More than any of its Silicon Valley counterparts, Meta has taken several public steps to make up for Trump since he won the election in November.
This comes after four highly contentious years between the two during Trump's first term, which ended with Facebook – similar to other social media companies – banning Trump from its platform.
Last March, Trump was using his preferred nickname, “Zuckerschmuck,” when talking about the CEO of Meta and declaring that Facebook was an “enemy of the people.”
With Meta now positioned to be a major player in artificial intelligence, Zuckerberg recognizes the need for White House support as his company builds data centers and pursues policies that will allow it to achieve its lofty ambitions, according to people familiar with the company's plans who requested anonymity because they were not authorized to speak. In this regard.
“As powerful as Facebook is, it still has to kneel before Trump,” said Brian Bolland, a former Facebook vice president, who left the company in 2020.
Meta declined to comment for this article.
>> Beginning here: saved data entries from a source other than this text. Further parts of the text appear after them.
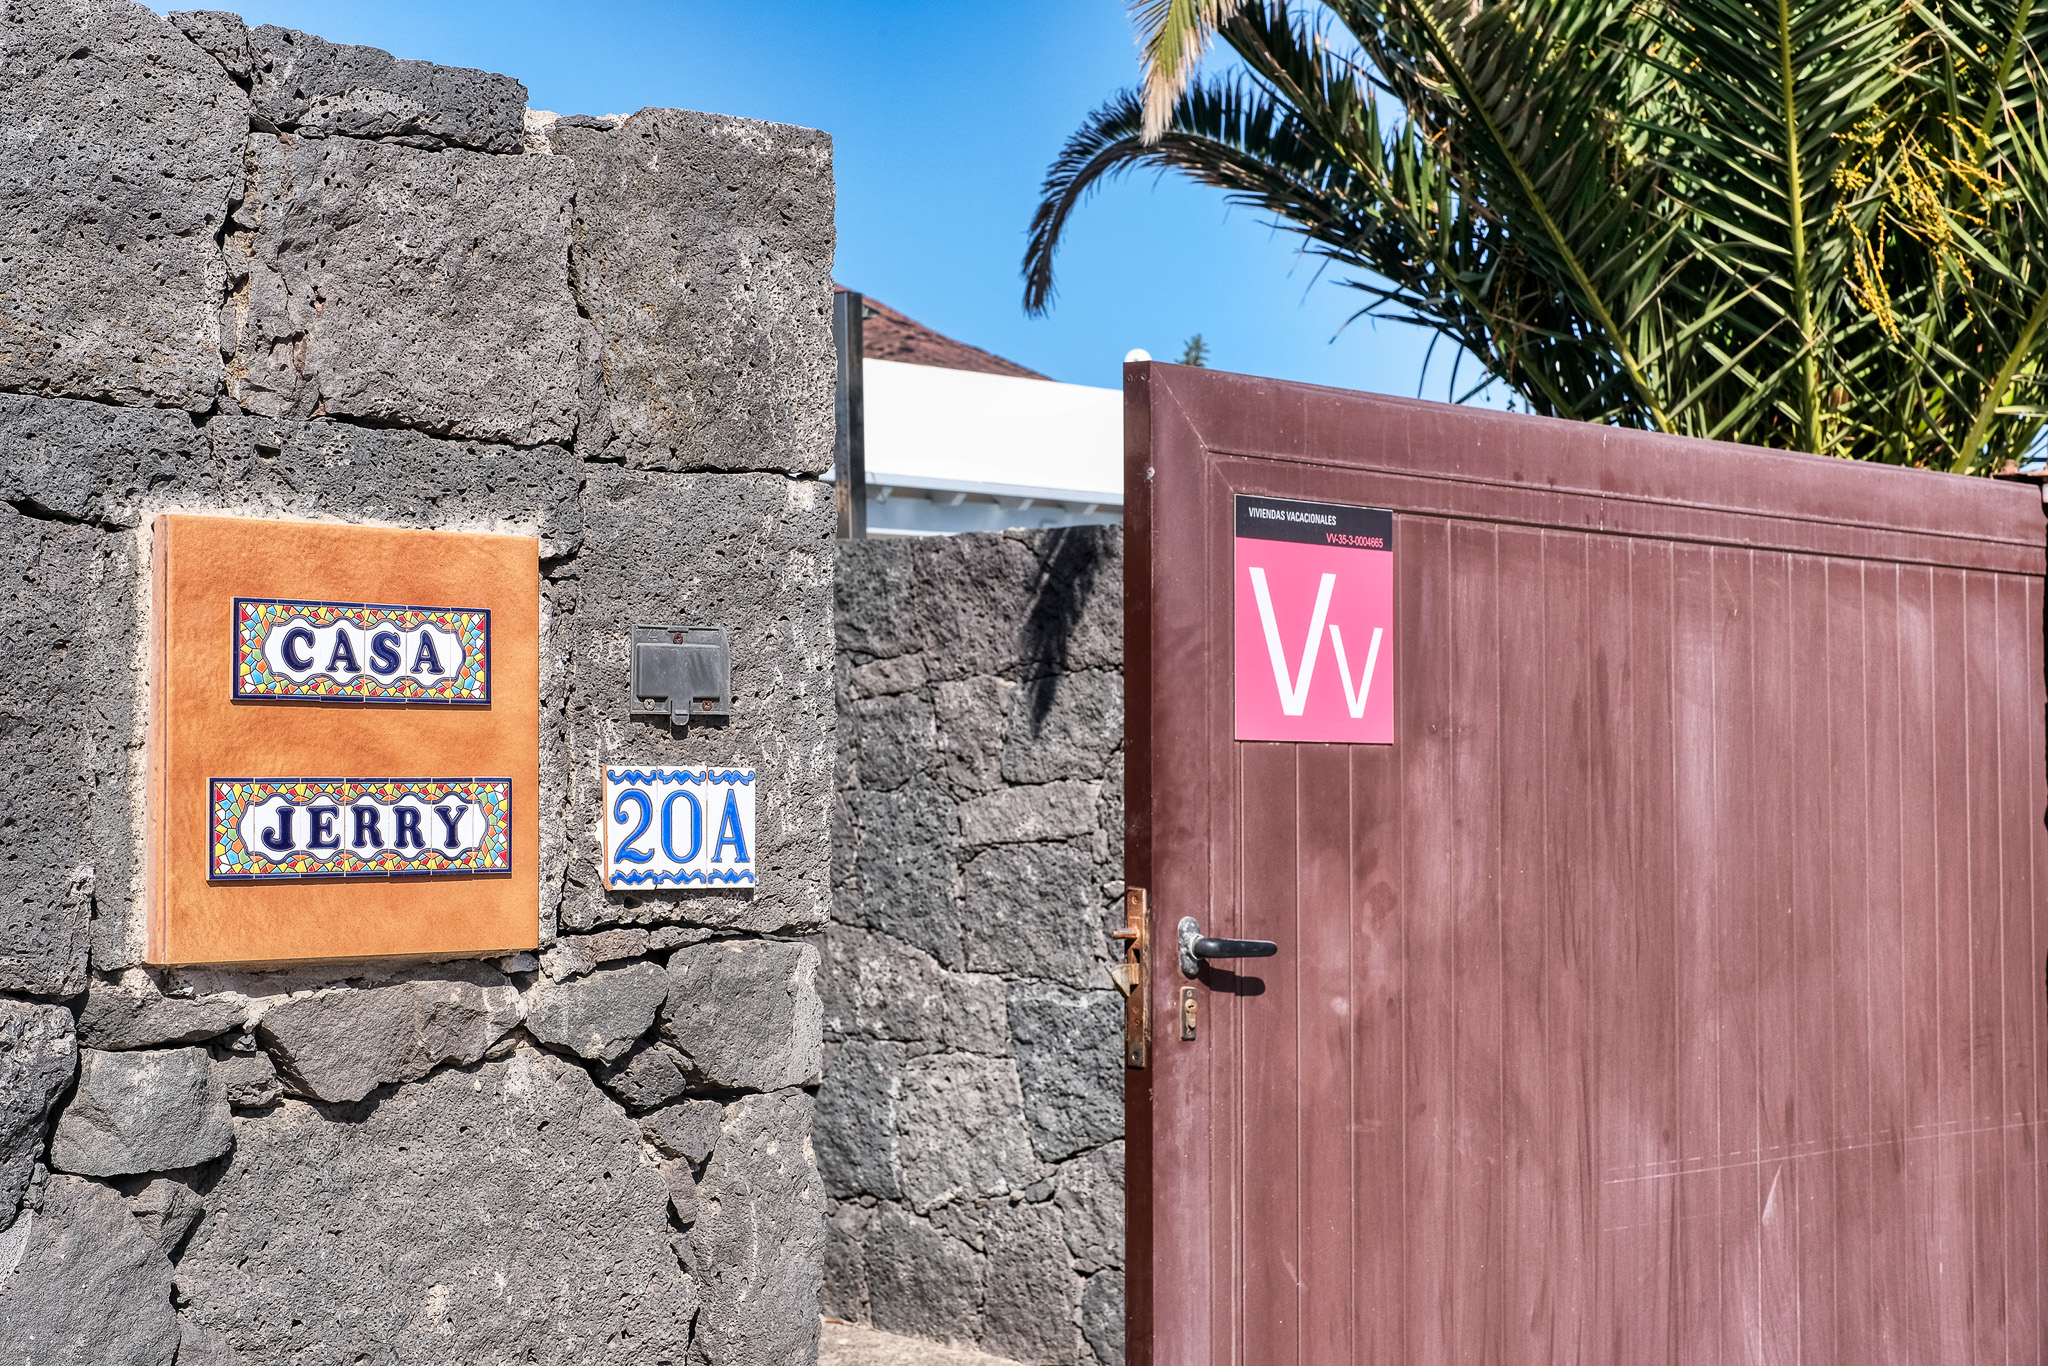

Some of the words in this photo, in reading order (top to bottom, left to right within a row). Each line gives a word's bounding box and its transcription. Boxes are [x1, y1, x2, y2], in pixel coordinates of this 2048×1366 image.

[1248, 506, 1285, 521] VIVIENDAS
[1286, 511, 1337, 526] VACACIONALES
[281, 627, 445, 675] CASA
[261, 805, 468, 851] JERRY
[613, 788, 751, 864] 20A
In an announcement on Tuesday, Zuckerberg said Meta would end third-party fact-checking, remove restrictions on topics like immigration and gender identity and return political content to users' feeds. Zuckerberg described the sweeping policy changes as key to stabilizing Meta's content moderation apparatus, which he said has “reached a point where there's a lot of bugs and a lot of oversight.”
The policy change was the latest strategic shift Meta has taken to engage with Trump and Republicans since Election Day.
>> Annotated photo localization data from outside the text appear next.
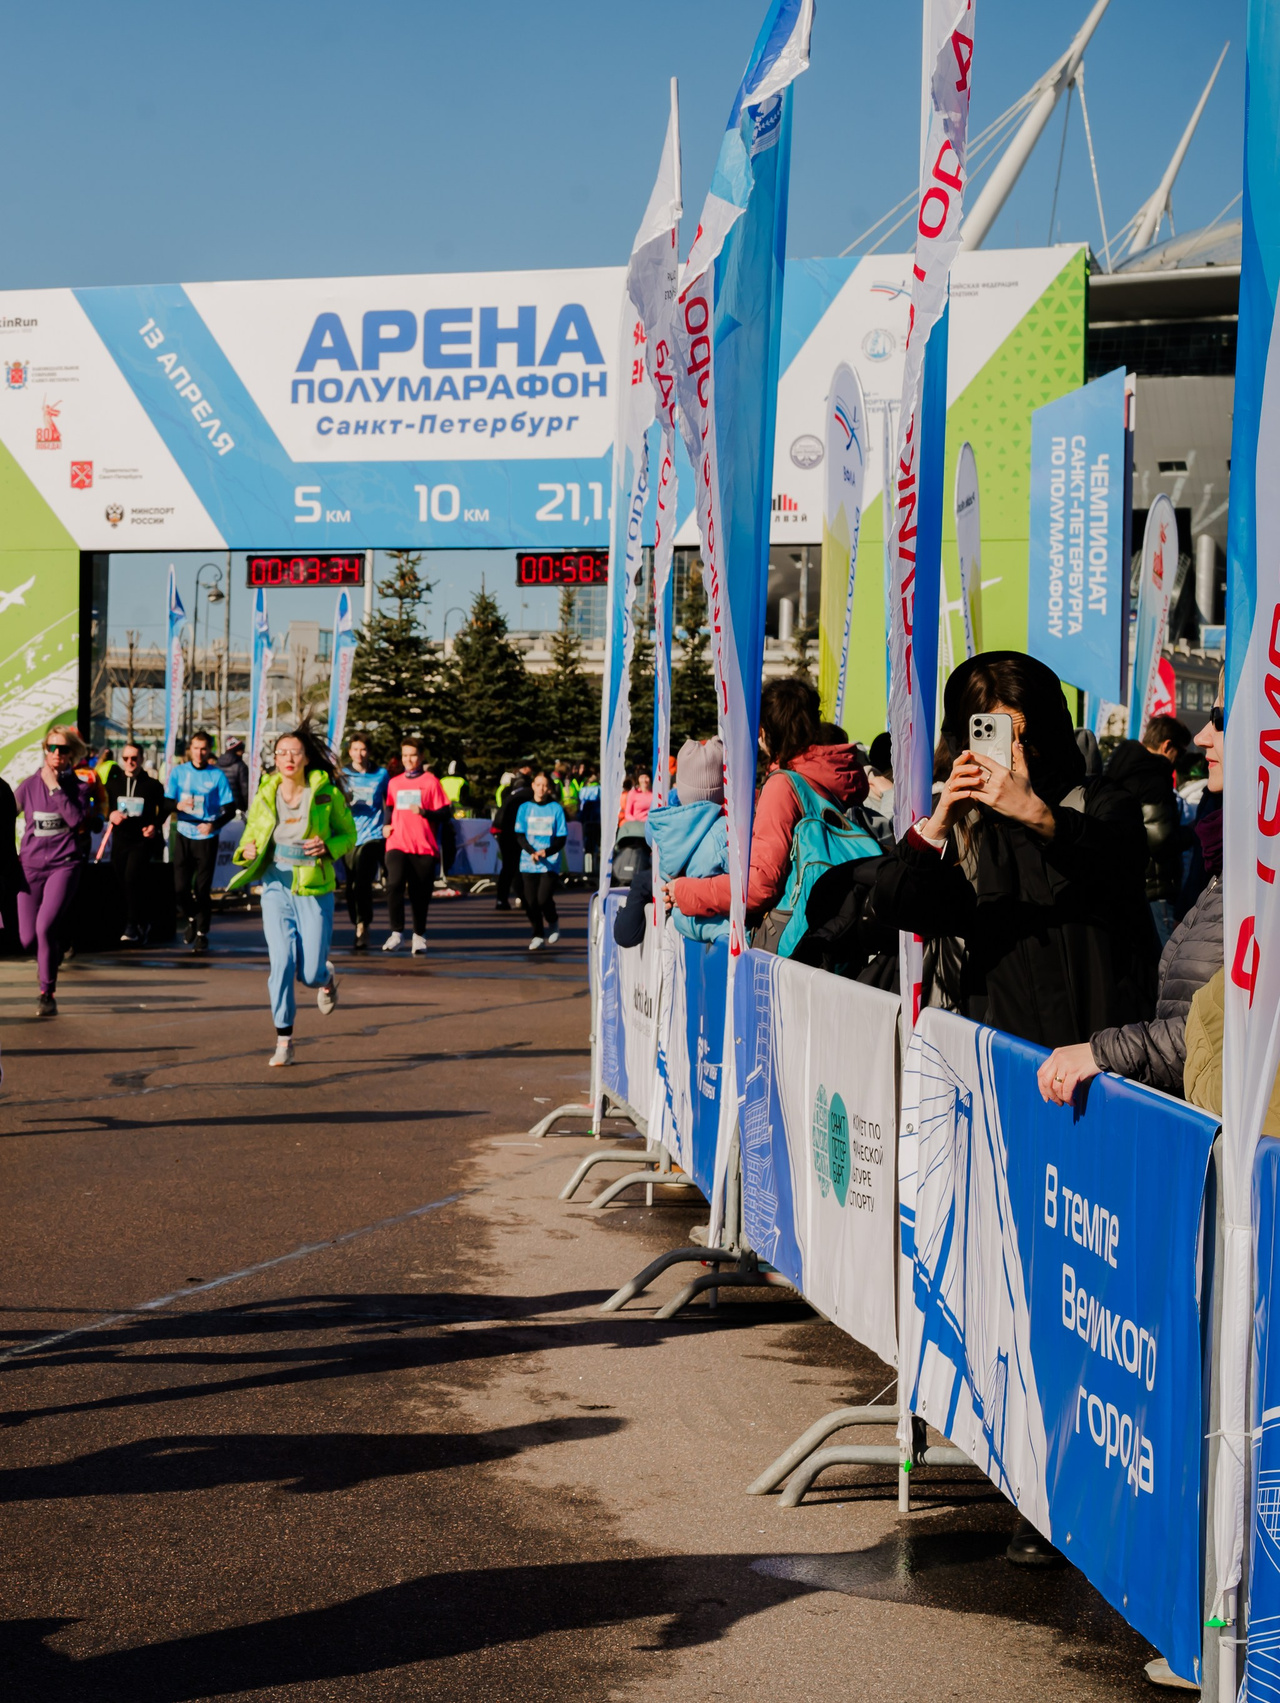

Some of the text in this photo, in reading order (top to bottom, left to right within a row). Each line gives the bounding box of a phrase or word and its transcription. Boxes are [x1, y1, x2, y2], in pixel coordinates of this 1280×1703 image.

[295, 303, 606, 373] АРЕНА
[139, 318, 235, 456] 13 АПРЕЛЯ
[291, 371, 608, 404] ПОЛУМАРАФОН
[317, 412, 580, 439] Санкт-Петербург
[131, 507, 175, 515] МИНСПОРТ
[131, 517, 164, 525] РОССИИ
[294, 486, 322, 523] 5
[414, 484, 460, 522] 10
[1048, 436, 1067, 640] ПО ПОЛУМАРАФОНУ
[1067, 434, 1087, 636] САНКТ-ПЕТЕРБУРГА
[1087, 453, 1110, 616] ЧЕМПИОНАТ
[251, 557, 360, 585] 00:03:34
[1044, 1162, 1120, 1270] В темпе
[1062, 1262, 1157, 1392] Великого
[1075, 1384, 1155, 1497] города
A day earlier, Meta announced that UFC CEO Dana White, a longtime friend of Trump, would join the company's board of directors.
Last week, Meta announced that it would replace Nick Clegg, its head of global affairs, with Joel Kaplan, who was the company's vice president of policy. Clegg previously worked in British politics with the Liberal Democrats, including as deputy prime minister, while Kaplan was deputy White House chief of staff under former President George W. Bush.
Kaplan, who joined Meta in 2011 when it was still known as Facebook, has long-standing ties to the Republican Party and once served as a law clerk for the late conservative Supreme Court Justice Antonin Scalia. In December, Kaplan posted photos on Facebook of himself with Vice President-elect J.D. Vance and Trump during their visit to the New York Stock Exchange.
Joel Kaplan, Facebook's vice president of global policy, April 17, 2018.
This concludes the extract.